While Apple and its challenges certainly played a role the usual suspects trade, the Fed, dysfunctional Washington, impeachment, peak earnings and slowing global growth have all taken a toll on market sentiment. Yet in the face of all the above Bulls have put on an impressive performance closing out last week up 10% from the lows of Christmas Eve.
Dead Cat Bounce and Bear Market Rally are the usual slurs being called out from the bear camp with bulls pointing to another robust employment report to defend their argument.

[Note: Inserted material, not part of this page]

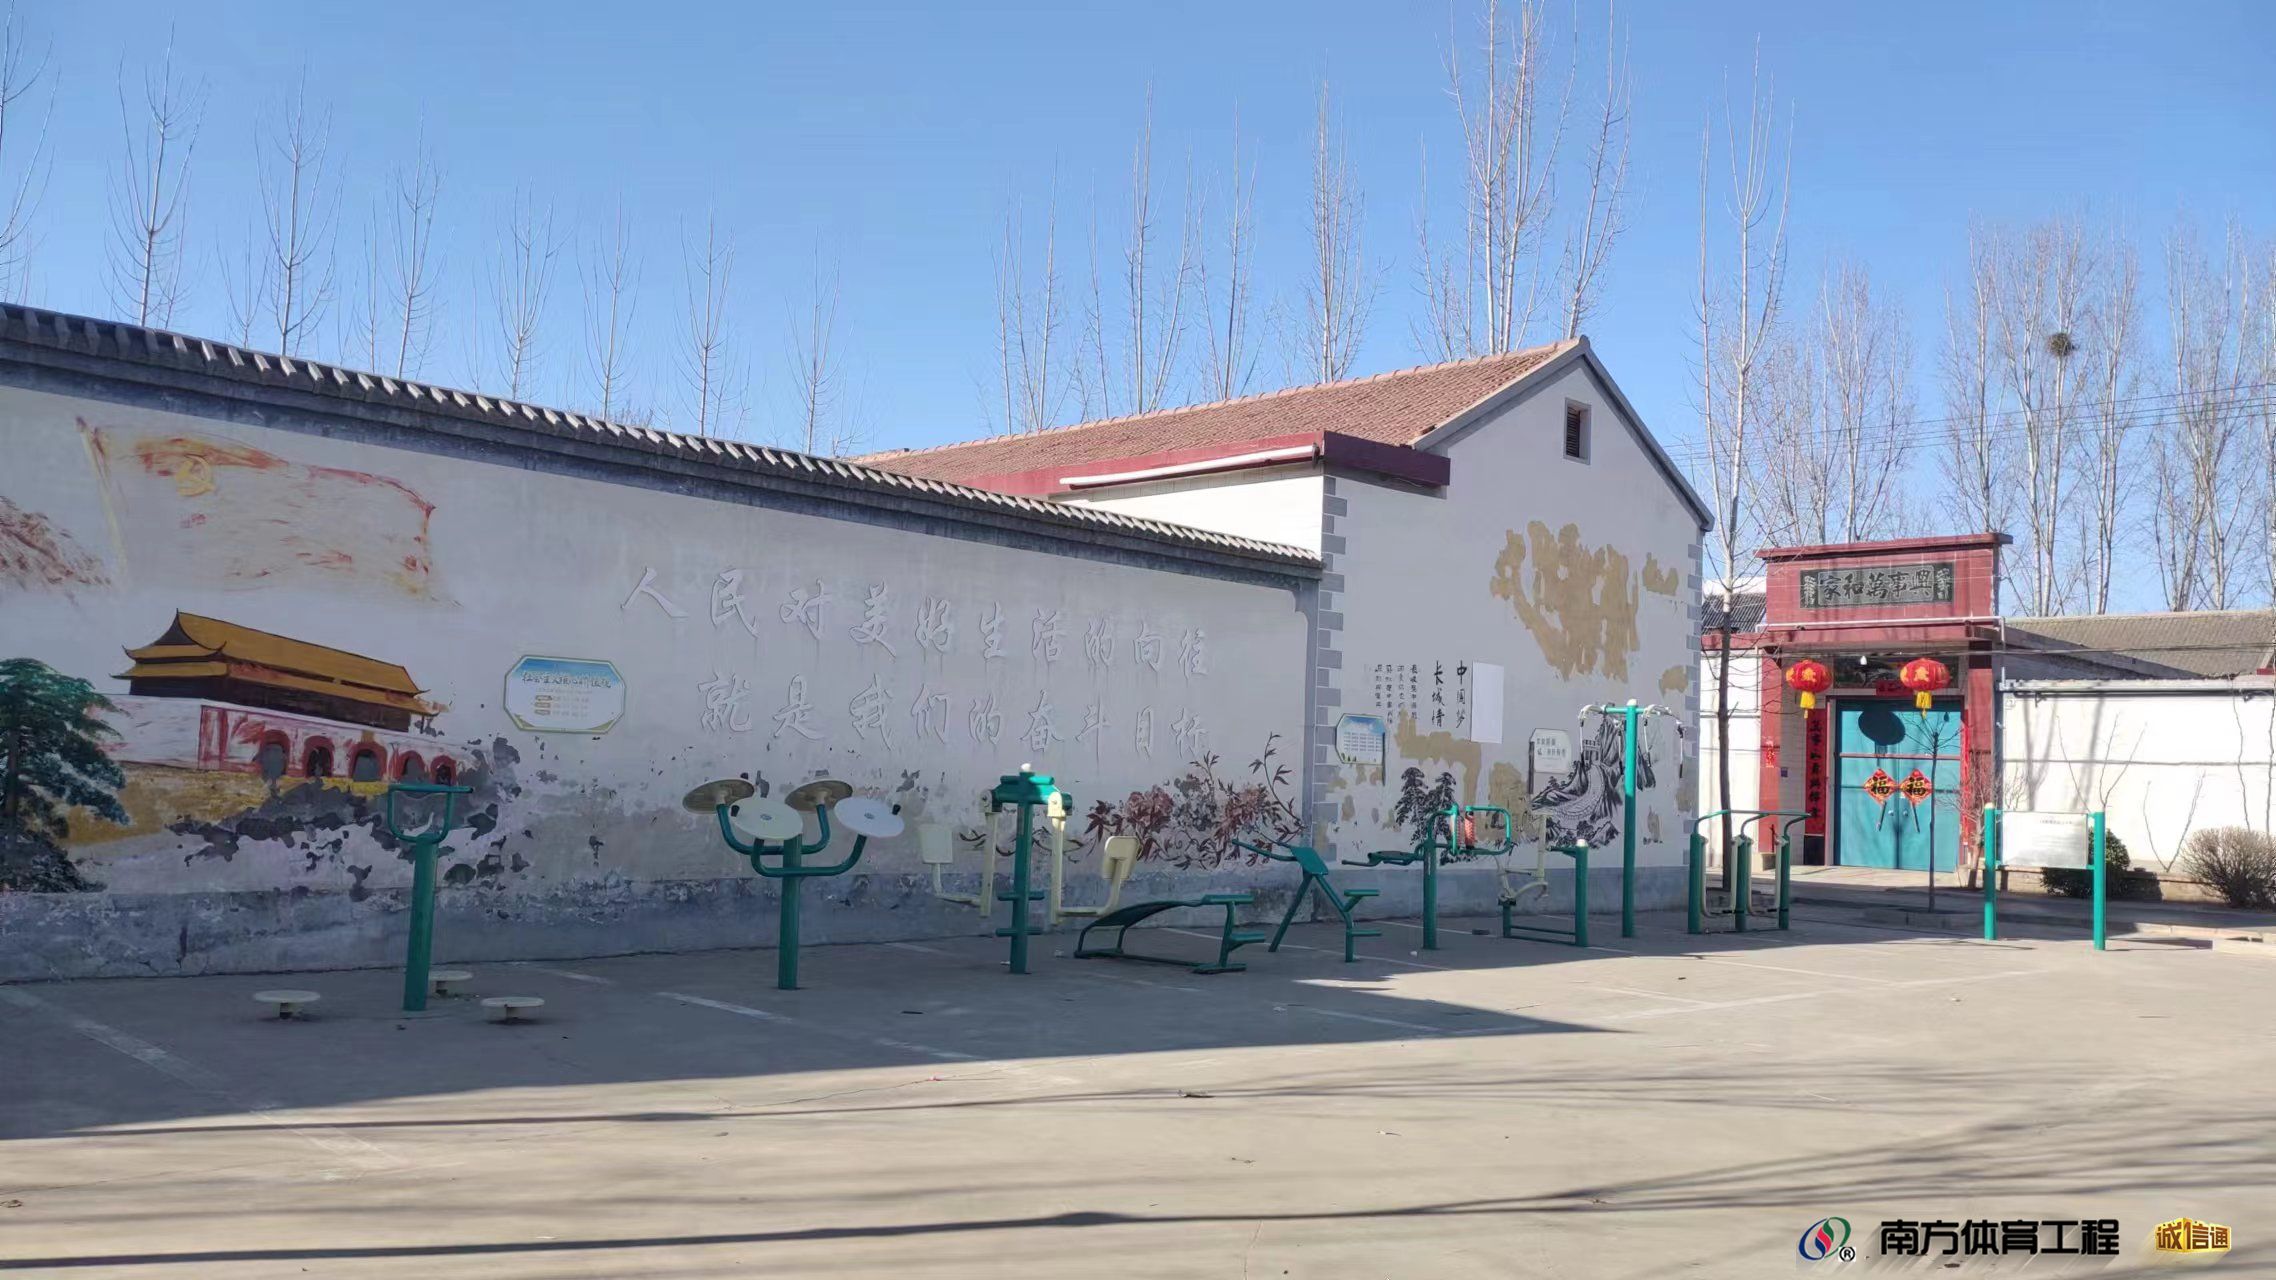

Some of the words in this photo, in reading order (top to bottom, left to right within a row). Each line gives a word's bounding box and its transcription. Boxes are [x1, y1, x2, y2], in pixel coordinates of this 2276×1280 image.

[620, 567, 1207, 679] 人民对美好生活的向往
[697, 672, 1207, 760] 就是我们的奋斗目标
[1871, 776, 1890, 794] 福
[1906, 776, 1926, 796] 福

Like it or not, the Battle is raging and like D-Day 1944 the first wave is hitting Omaha Beach.
Earnings season is here – D Day
There’s no better tool or indicator than earnings to separate truth from fiction. In the end that’s all a stock certificate is. It’s your contract with the company that entitles you to your pro-rata share of the earnings and or dividends of the company. Kicking off the earnings season are Financials with Cititgroup (C) leading off Monday followed by JP Morgan (JPM), Wells Fargo (WFC), Bank of America (BAC) and Goldman (GS) Tuesday and Wednesday. Add Delta (DAL), United Airlines (UAL) and United Healthcare (UNH) and the first reports from the front lines will give us an indication of just how the war is going.
21 out of 22 analysts cut estimates for Citi (FactSet)

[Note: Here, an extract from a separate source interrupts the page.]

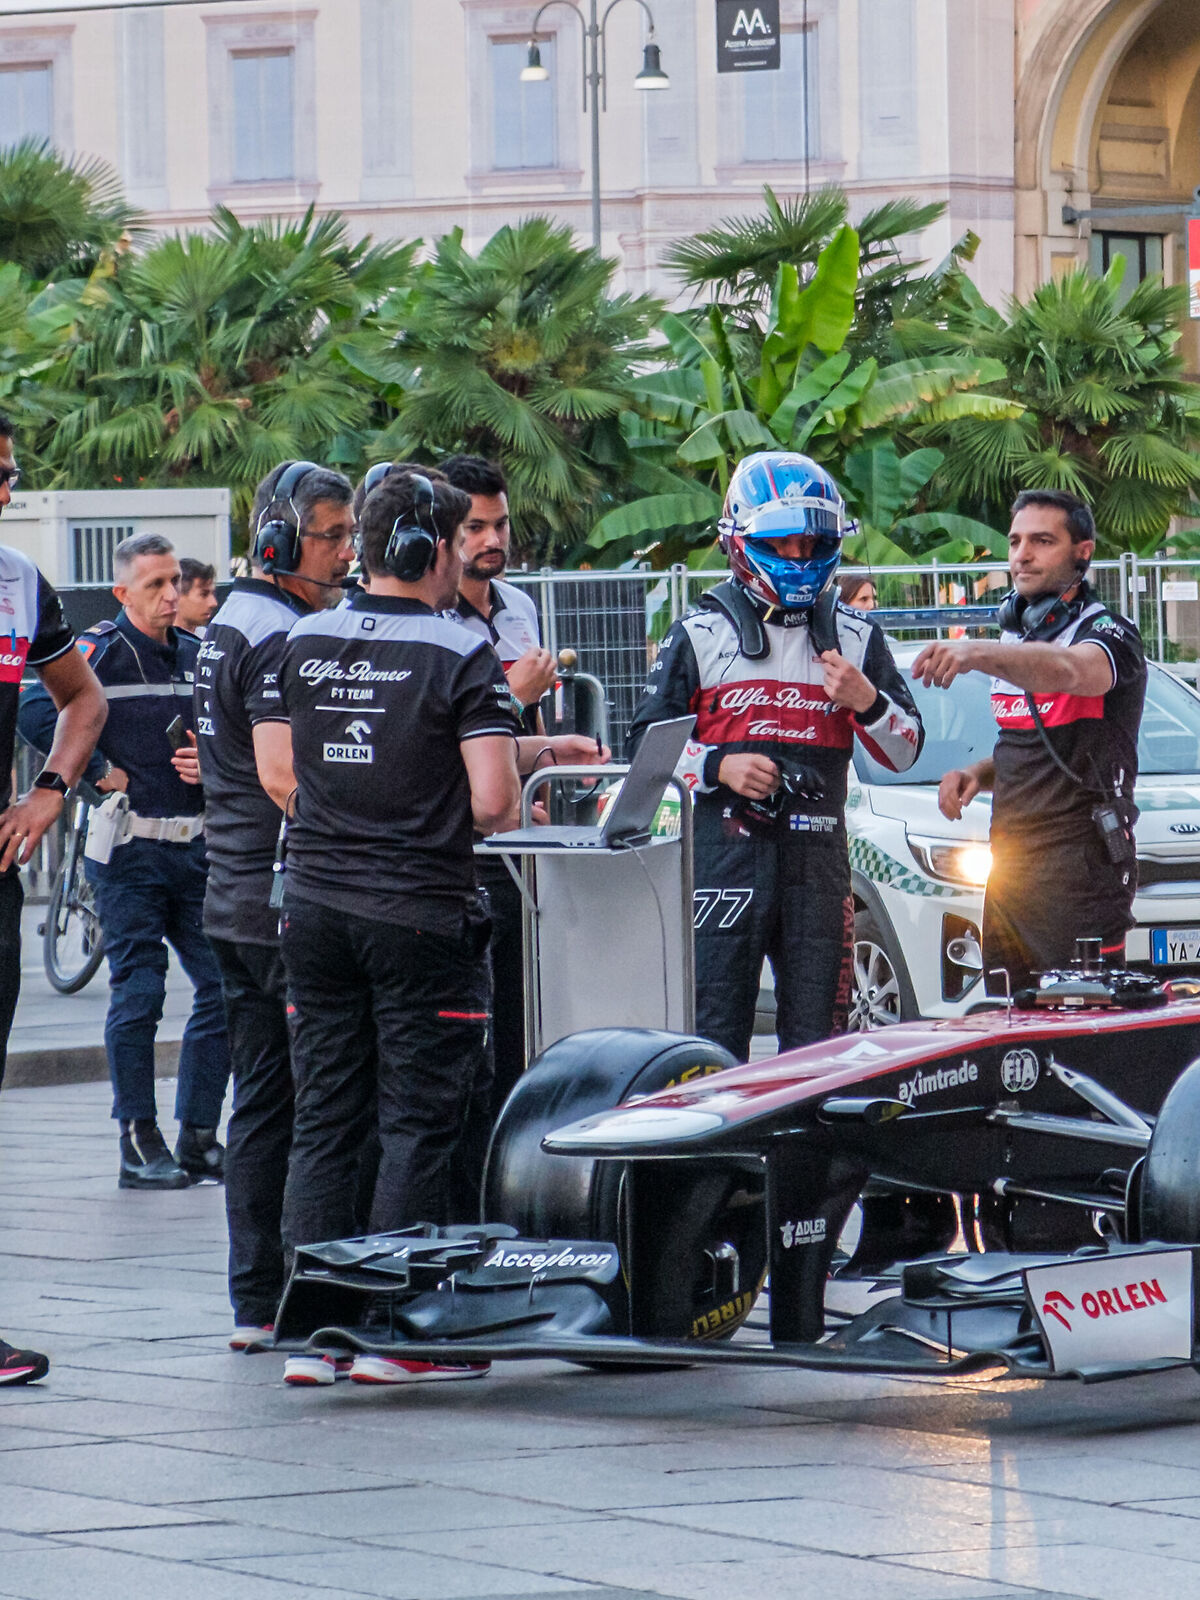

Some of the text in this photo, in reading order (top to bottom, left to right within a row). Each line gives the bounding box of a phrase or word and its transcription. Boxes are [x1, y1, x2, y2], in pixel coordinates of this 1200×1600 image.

Financials come into the year as one of the more challenged sectors following a brutal 2018. Near the bottom of the pack Financials (XLF) under-performed the S&P 500 by 8% and down close to 15% on an absolute basis. The good news is that estimate revisions and valuations reflect the risks with many pricing in a recession. No question the yield curve along with concerns about slowing loan growth have forced most analysts to cut estimates. 21 out of 22 analysts have cut estimates on Citi (C) since the middle of last month.
If the bulls are going to make a stand it needs to be right here right now
It’s difficult if not impossible to sustain a bull market without financials on board. They touch every fabric of the economy. Last week, Jamie Dimon (CEO) of JP Morgan said;
“the market overreacted” and sees no recession ahead. Given the breadth and tentacles of the world’s U.S. largest bank maybe I can’t think of anyone who’s in a better position to know.

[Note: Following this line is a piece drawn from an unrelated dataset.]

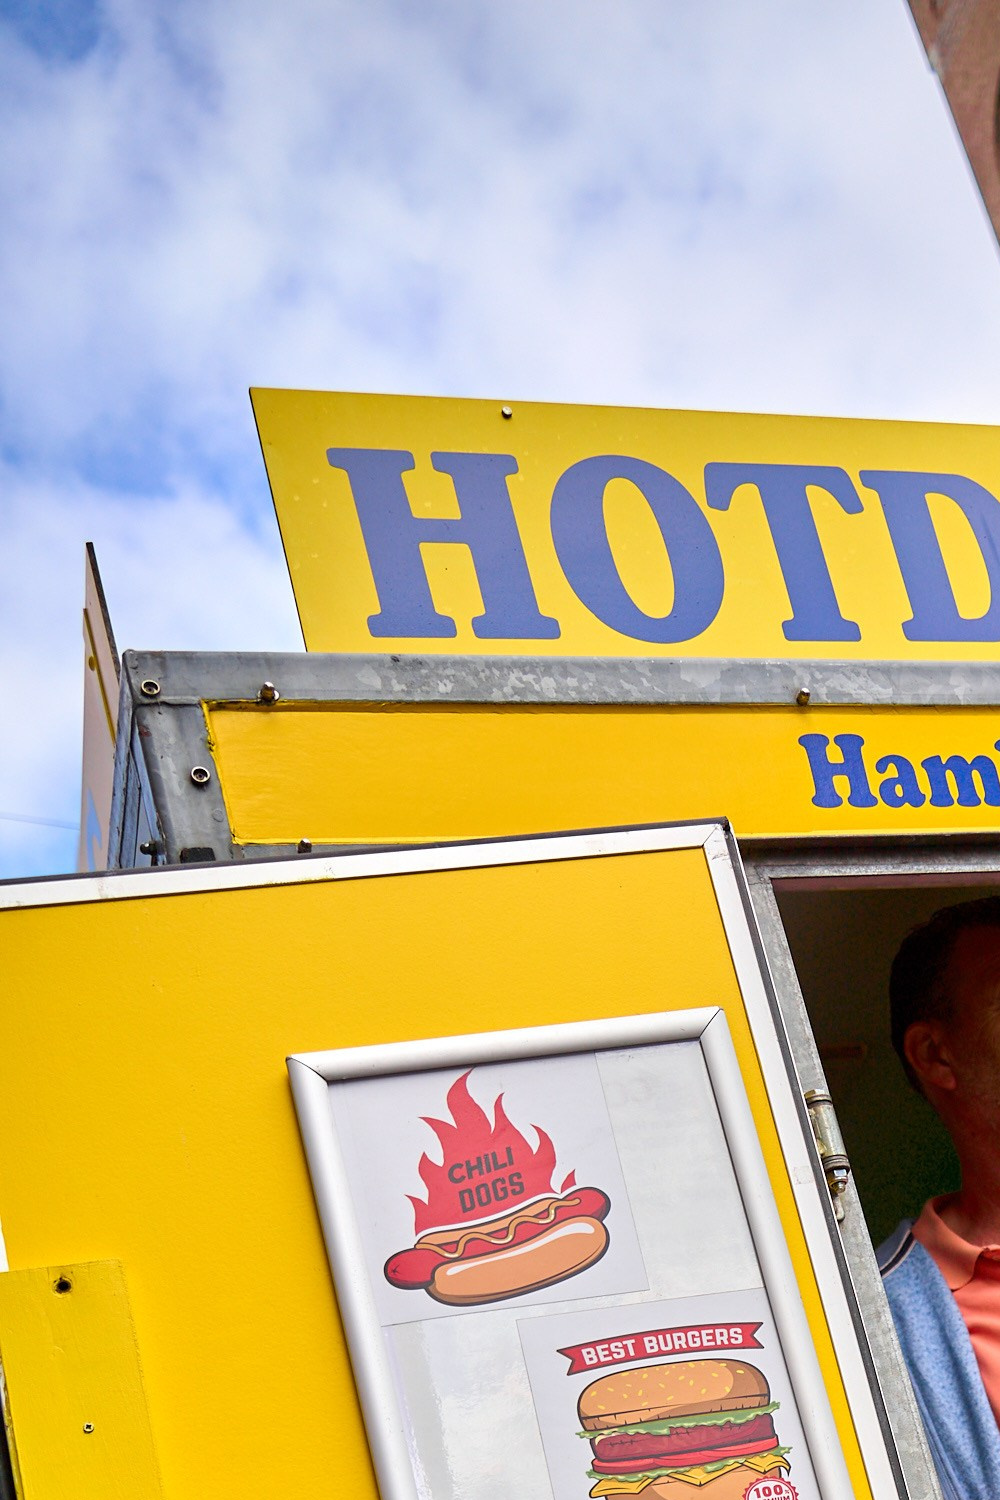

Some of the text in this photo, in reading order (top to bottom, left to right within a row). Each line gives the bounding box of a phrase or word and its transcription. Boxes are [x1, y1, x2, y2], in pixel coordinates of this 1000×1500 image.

[448, 1146, 514, 1184] CHILI
[458, 1172, 525, 1213] DOGS
[581, 1328, 743, 1365] BEST BURGERS

The technical picture shows the challenge. Previous support becomes resistance. On Friday, stocks closed just inside enemy territory and like D-Day are trying to defend Omaha Beach. Even if successful and stocks can hold onto recent gains it’s clear a lot of overhead supply lies ahead. Investors have memory and we’ll have to work our way through sellers who want nothing more than to break-even.